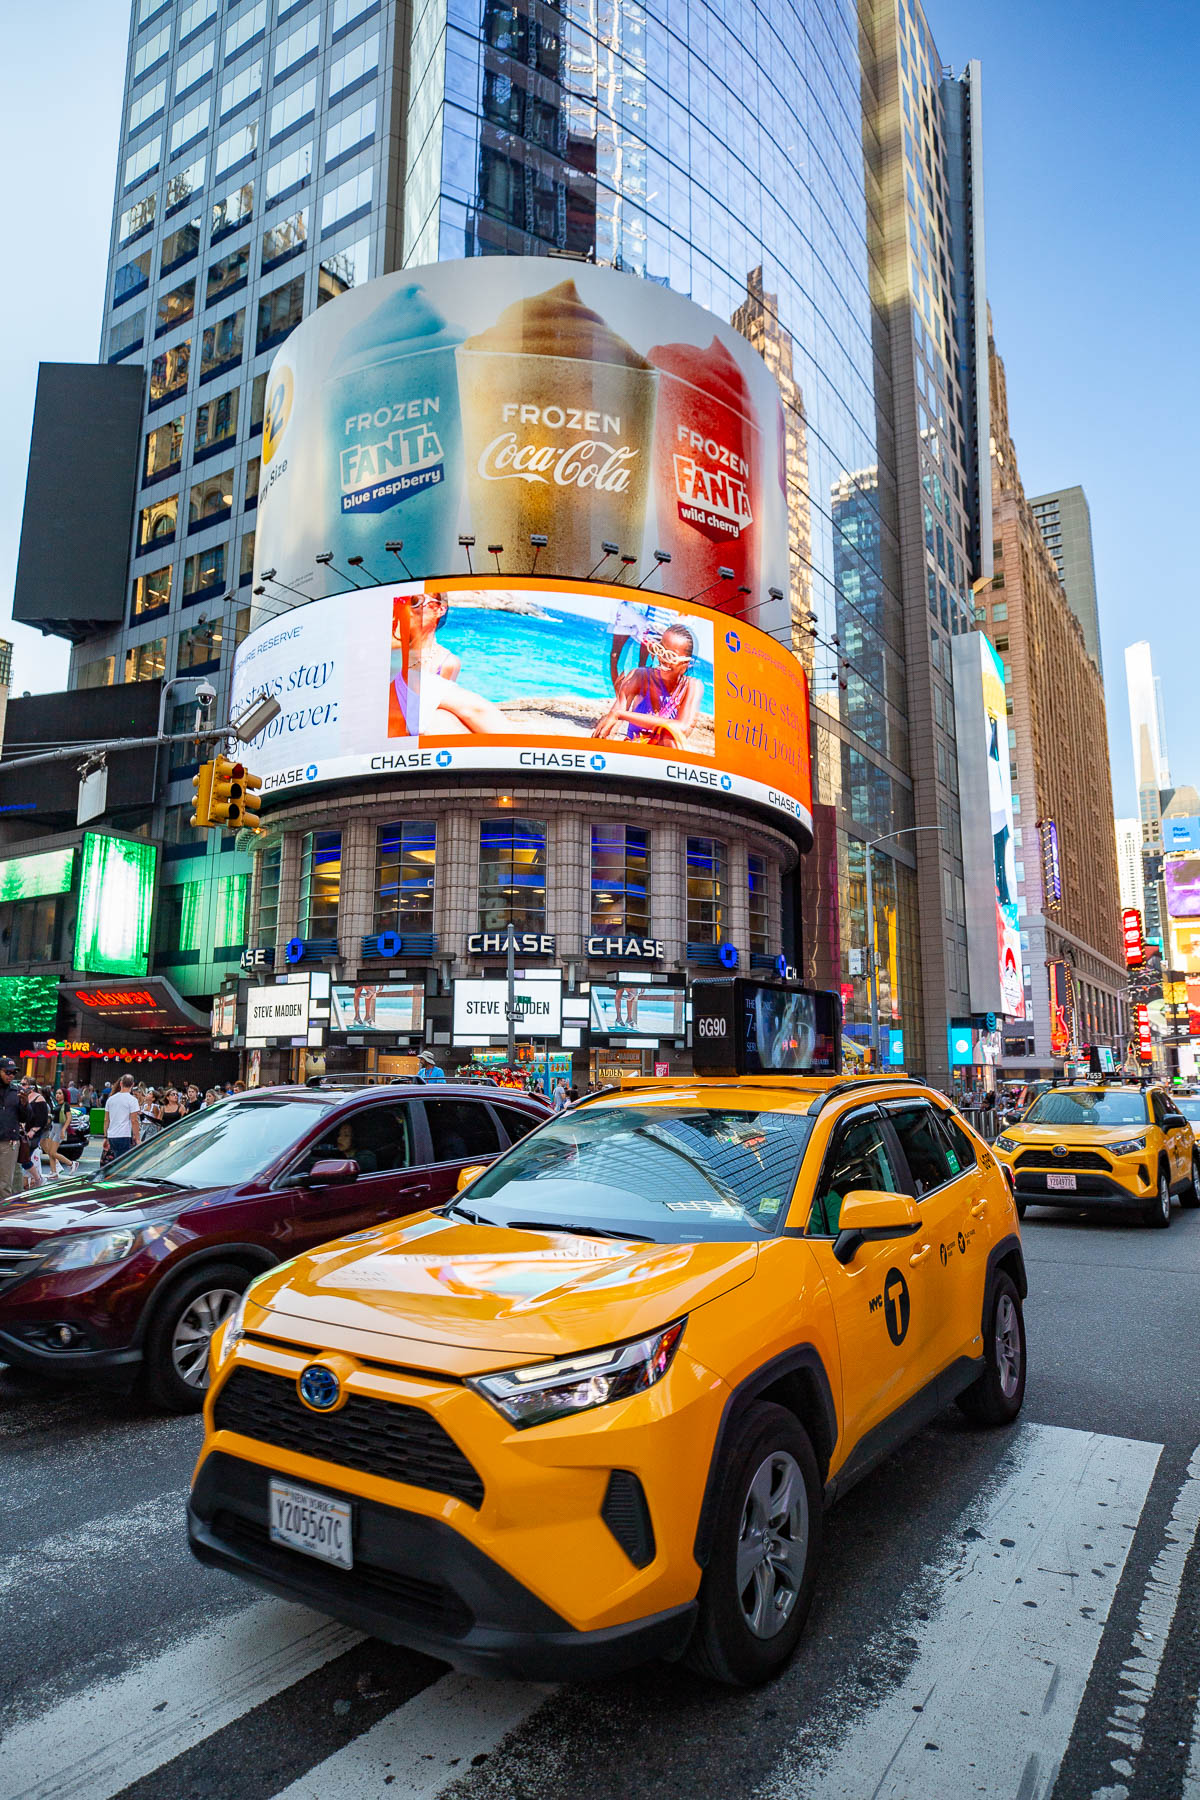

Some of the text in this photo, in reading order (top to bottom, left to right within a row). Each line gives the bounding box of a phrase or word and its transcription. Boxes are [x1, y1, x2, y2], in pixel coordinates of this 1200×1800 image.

[345, 396, 441, 435] FROZEN
[502, 402, 622, 436] FROZEN
[341, 423, 444, 490] FANTA
[477, 431, 639, 494] Coca-Cola
[677, 424, 749, 479] FROZEN
[270, 459, 288, 487] Size
[343, 469, 442, 511] blue raspberry
[674, 453, 752, 524] FANTA
[681, 506, 740, 539] wild cherry
[257, 625, 301, 654] RESERVE
[287, 660, 334, 692] stay
[726, 671, 777, 716] Some
[726, 719, 768, 752] with
[769, 737, 795, 768] you
[371, 752, 432, 770] CHASE
[519, 752, 586, 768] CHASE
[264, 768, 304, 790] CHASE
[666, 765, 718, 787] CHASE
[768, 791, 795, 814] CHASE
[468, 933, 555, 954] CHASE
[588, 937, 665, 959] CHASE
[75, 989, 157, 1007] Subway
[253, 1004, 302, 1019] STEVE MADDEN
[466, 1001, 500, 1015] STEVE
[698, 1018, 727, 1037] 6G90
[868, 1294, 883, 1314] NYC
[276, 1499, 343, 1549] Y205567C
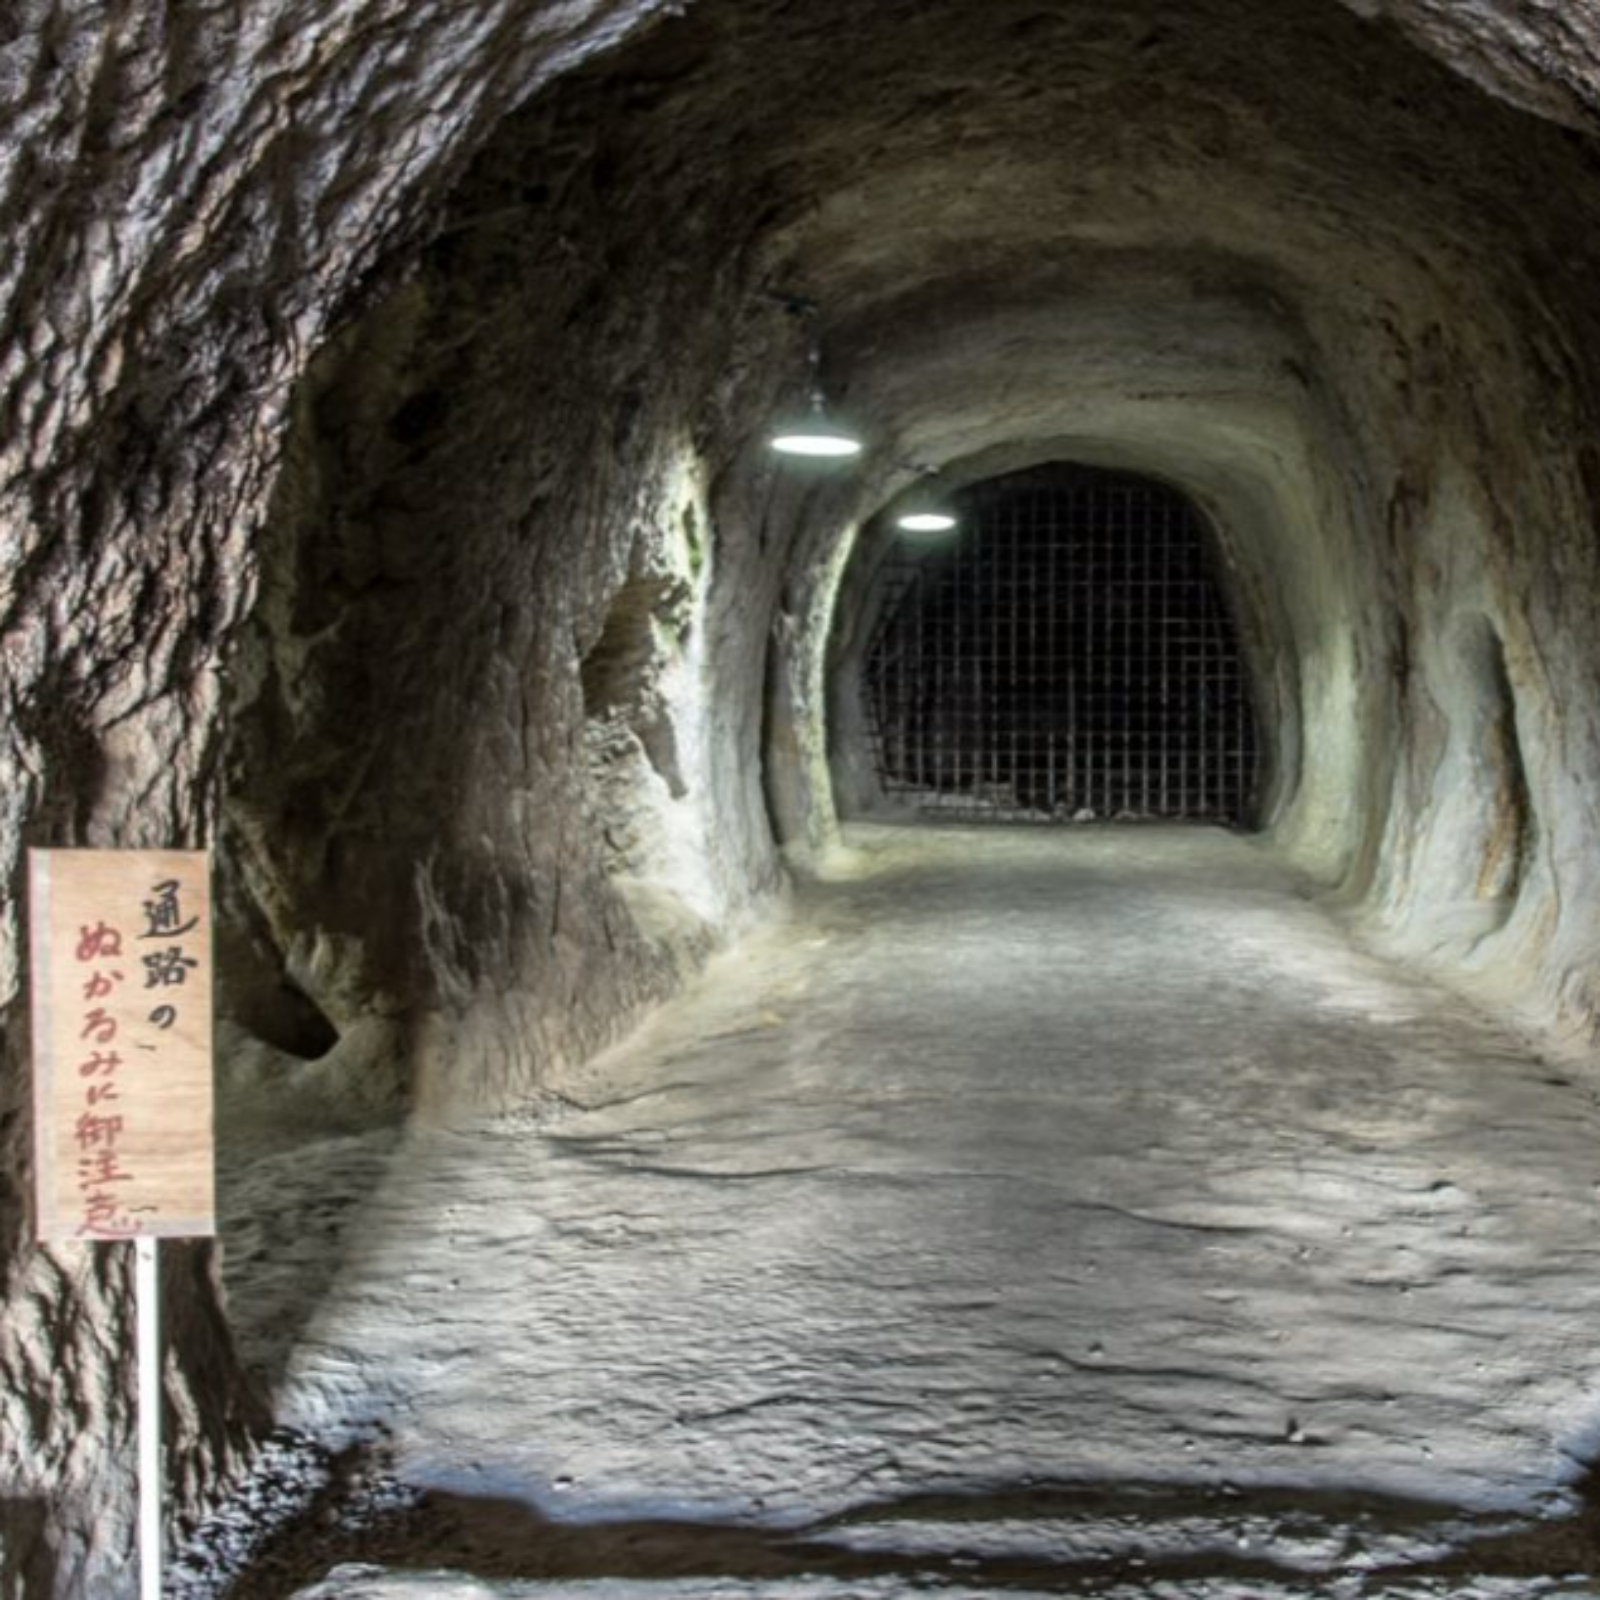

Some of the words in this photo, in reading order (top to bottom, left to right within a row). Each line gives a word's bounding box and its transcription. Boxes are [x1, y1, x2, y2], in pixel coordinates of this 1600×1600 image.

[138, 879, 199, 1029] 通路の
[75, 921, 142, 1237] ぬかるみに御注意

________________________

EXERCISE DIRECTIONS:
The reply must hold each line of the records verbatim and no pictures.

EXERCISE RESPONSE:
Some of the text in this photo, in reading order (top to bottom, left to right within a row). Each line gives the bounding box of a phrase or word and its transcription. Boxes are [x1, y1, x2, y2], in pixel coordinates of this 1200×1800 image.

[345, 396, 441, 435] FROZEN
[502, 402, 622, 436] FROZEN
[341, 423, 444, 490] FANTA
[477, 431, 639, 494] Coca-Cola
[677, 424, 749, 479] FROZEN
[270, 459, 288, 487] Size
[343, 469, 442, 511] blue raspberry
[674, 453, 752, 524] FANTA
[681, 506, 740, 539] wild cherry
[257, 625, 301, 654] RESERVE
[287, 660, 334, 692] stay
[726, 671, 777, 716] Some
[726, 719, 768, 752] with
[769, 737, 795, 768] you
[371, 752, 432, 770] CHASE
[519, 752, 586, 768] CHASE
[264, 768, 304, 790] CHASE
[666, 765, 718, 787] CHASE
[768, 791, 795, 814] CHASE
[468, 933, 555, 954] CHASE
[588, 937, 665, 959] CHASE
[75, 989, 157, 1007] Subway
[253, 1004, 302, 1019] STEVE MADDEN
[466, 1001, 500, 1015] STEVE
[698, 1018, 727, 1037] 6G90
[868, 1294, 883, 1314] NYC
[276, 1499, 343, 1549] Y205567C

Some of the words in this photo, in reading order (top to bottom, left to right within a row). Each line gives a word's bounding box and its transcription. Boxes are [x1, y1, x2, y2], in pixel coordinates of this 1600×1600 image.

[138, 879, 199, 1029] 通路の
[75, 921, 142, 1237] ぬかるみに御注意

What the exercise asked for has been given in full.